§ **Information shown**:

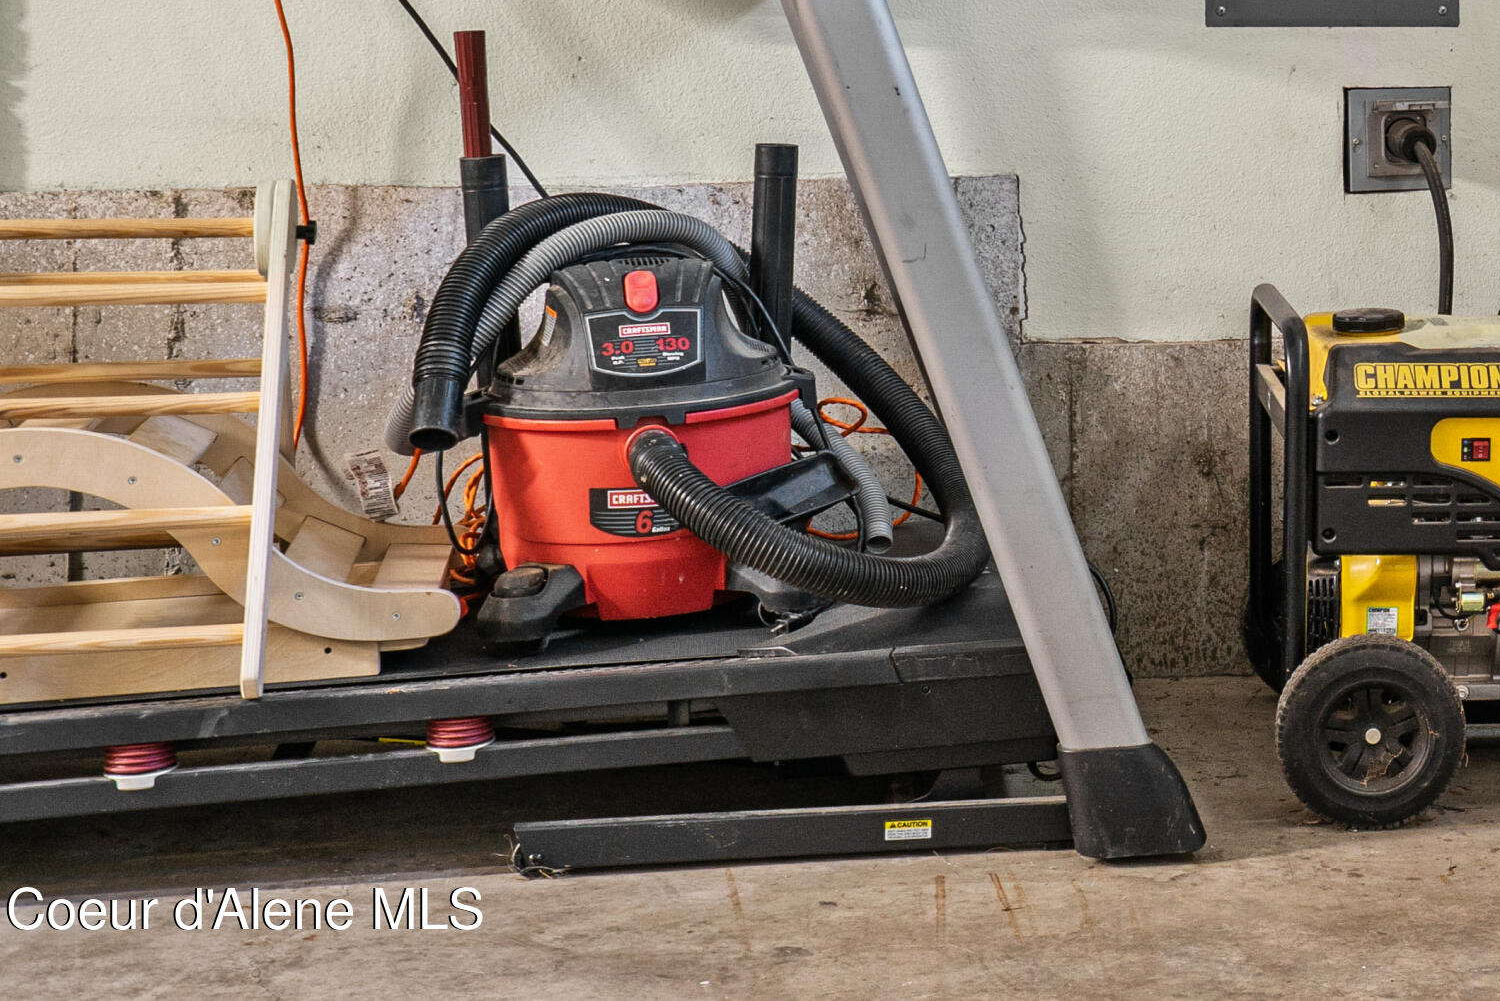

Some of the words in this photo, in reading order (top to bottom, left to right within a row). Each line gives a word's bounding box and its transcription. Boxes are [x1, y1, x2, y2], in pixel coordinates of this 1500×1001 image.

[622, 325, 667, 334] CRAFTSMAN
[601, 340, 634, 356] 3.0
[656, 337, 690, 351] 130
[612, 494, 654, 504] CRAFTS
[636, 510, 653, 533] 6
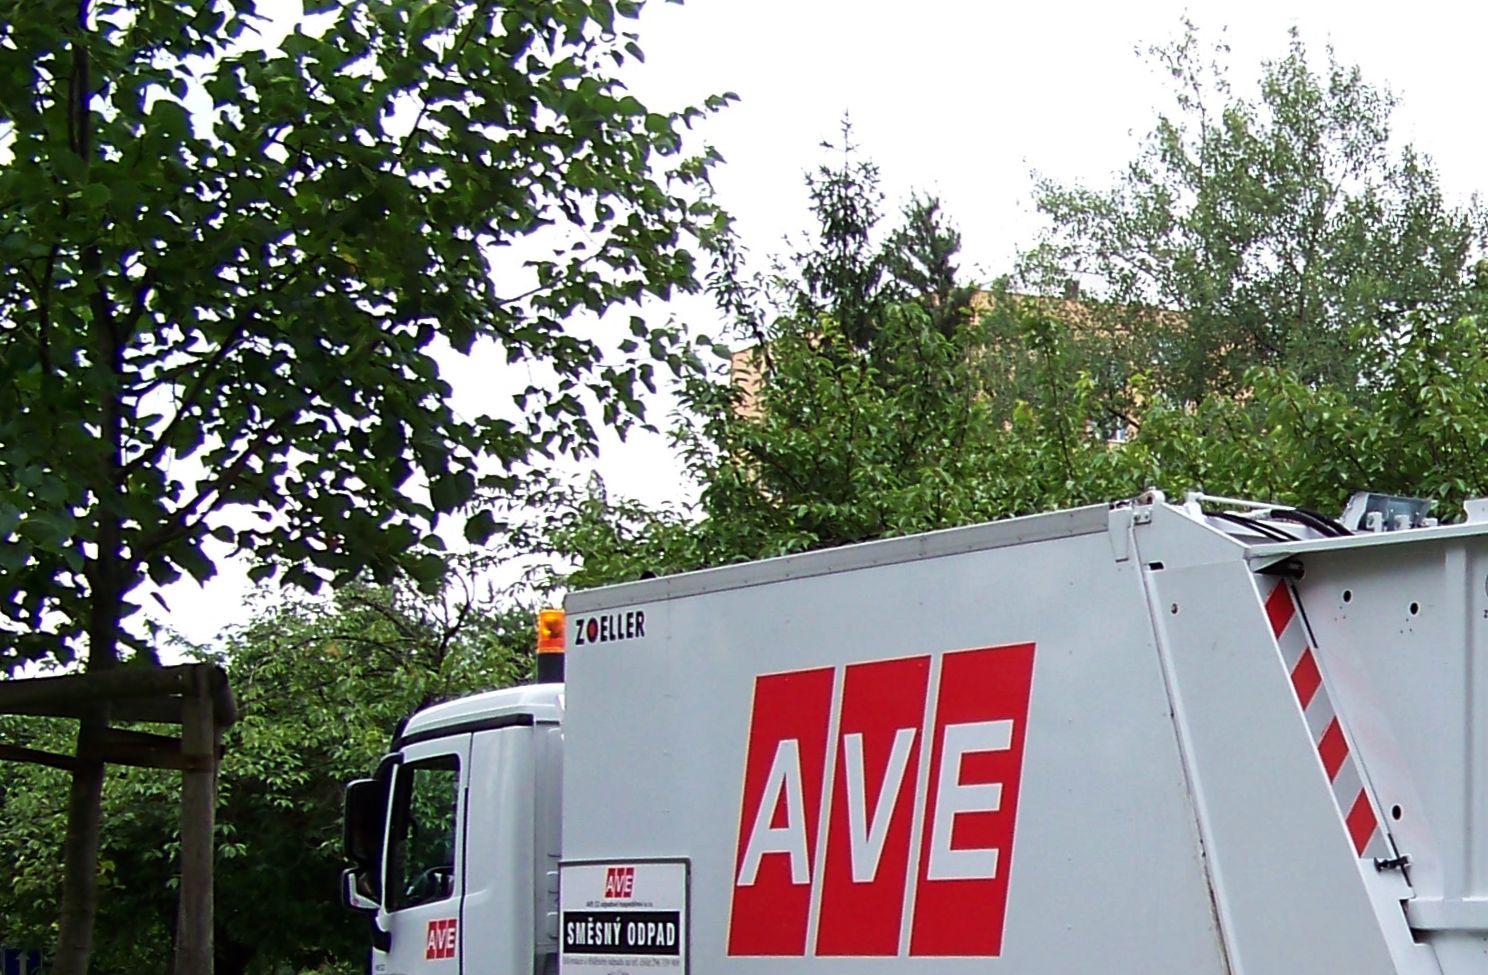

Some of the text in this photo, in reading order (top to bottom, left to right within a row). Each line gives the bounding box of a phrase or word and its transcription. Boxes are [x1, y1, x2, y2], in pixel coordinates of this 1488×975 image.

§ **Exercise brief**:
Skipping the pictures, output the entries exactly as they appear above.

§ **Result of this exercise**:
Some of the words in this photo, in reading order (top to bottom, left to right within a row). Each line gives a word's bounding box and its transcription. Boxes are [x1, y1, x2, y2], in pixel coordinates of this 1500×1001 image.

[622, 325, 667, 334] CRAFTSMAN
[601, 340, 634, 356] 3.0
[656, 337, 690, 351] 130
[612, 494, 654, 504] CRAFTS
[636, 510, 653, 533] 6

Some of the text in this photo, in reading order (top to bottom, left to right within a row). Each line gives the bounding box of a phrase or word and its transcription. Boxes are [x1, y1, x2, y2], in pixel coordinates of this 1488×975 image.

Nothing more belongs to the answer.